As the weeks went on, it began to get easier. In no way did I feel any less worn out at the end of each day, but at least I felt more comfortable in the environment. But this new comfort did not come without my fair share of mistakes. One time, I threw a ball way too hard in the playground and watched as it collided with a baby’s head, sending him tumbling to the ground. Another, I was too slow in helping a toddler get to the bathroom and suddenly there was a puddle spreading quickly across the floor. These moments were frustrating, but they also served as platforms for growth and opportunities to learn from the teacher. And, of course, I still make mistakes. But it has gotten easier.

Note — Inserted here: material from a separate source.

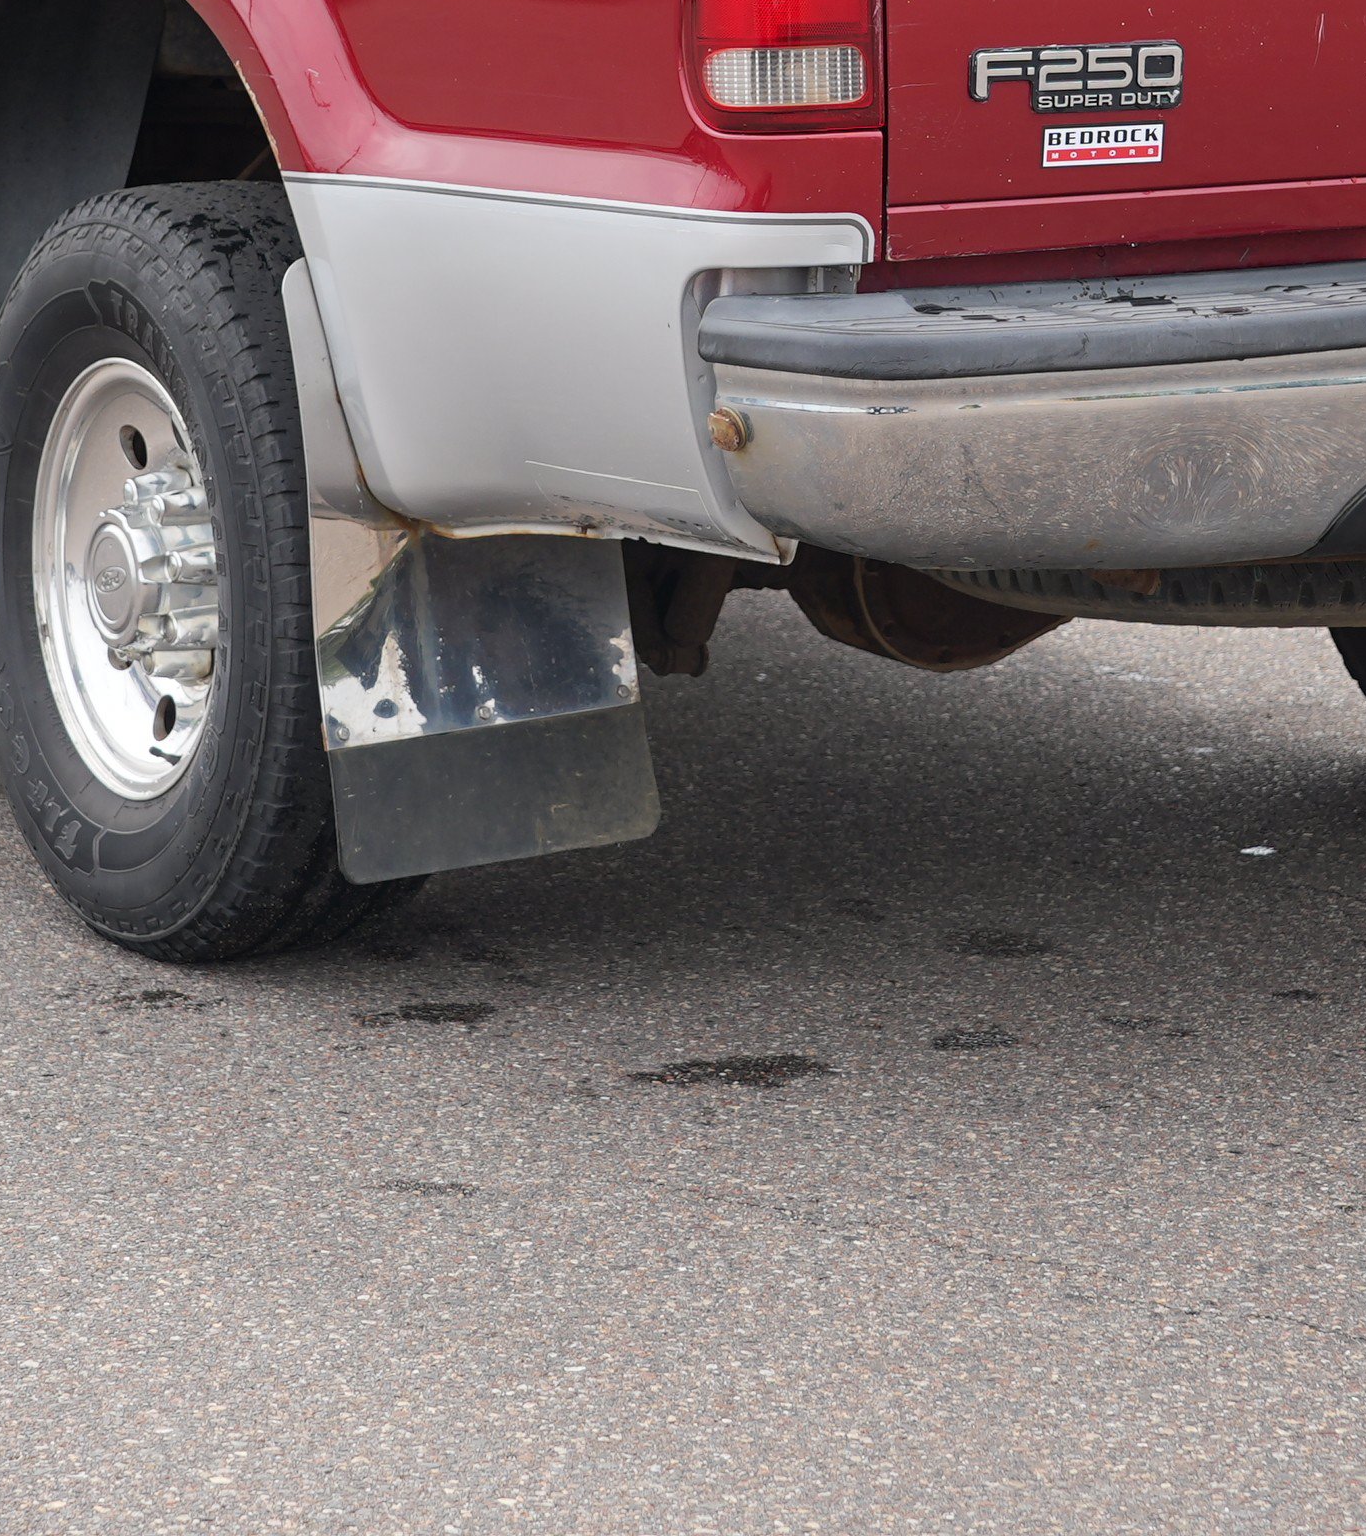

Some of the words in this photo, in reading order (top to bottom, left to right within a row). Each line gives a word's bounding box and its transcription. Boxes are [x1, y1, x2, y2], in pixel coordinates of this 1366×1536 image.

And as the initial stress and fear of failure wore off, I noticed that I was learning a lot—not just tangible skills from the teachers (changing a diaper or feeding methods) but also life lessons from the toddlers themselves. I remember witnessing the playground escapades: the micro-alliances that were formed and immediately forgotten, the wild adventures embarked upon, and the emotions being adopted and shed in the blink of an eye. I felt an overwhelming sense of wonder for these little human beings. There was much to learn from them.

I watched as one boy jumped up and then face-planted in the grass, feeling the soft ground against his skin. He laughed with joy and proceeded to complete this ritual over and over and over again. Two other girls, scolded by the teacher for fighting, were set on a low rock wall to take a break. Within seconds, their grumpy demeanors were replaced with outright fascination as they examined a flower growing in a pot near them. Another boy brought several rocks up to the top of the slide and, with little gasps of amazement, watched as gravity worked wonders to bring them back to the ground, ceasing to be bored even after it was his fifth time.

I found myself feeling envious of these kids, who managed to find joy in these simple things in life. They were all engrossed in the present moment, invested in their own narratives, oblivious to the wants of others. Moreover, they were responsive to their own needs. When they were tired, they slept. When hungry, they cried. When they needed to use the bathroom, they vocalized that (or cried!). I thought of all the times in my life when I had neglected to pay attention to my own needs—especially in high school—getting insufficient sleep or rushing out the door without taking time to eat.

And yes, I know that life is not as simple when we grow up. But I think that I could learn a lot from these toddlers about being more in touch with myself, living presently, and appreciating the little things.

At the centro infantiles, I am blessed to witness the valuable lessons that younglings teach. From the teachers, I have learned how much time and effort and energy it takes to support children. They are real-life superheroes. Watching them in action has made me realize that a lot went into raising me. I can only say thank you from the bottom of my heart to all those who changed my diapers and fed me and sang me to sleep and held me when I cried and read me books; thank you to all those who loved and challenged and changed me. You are my superheroes.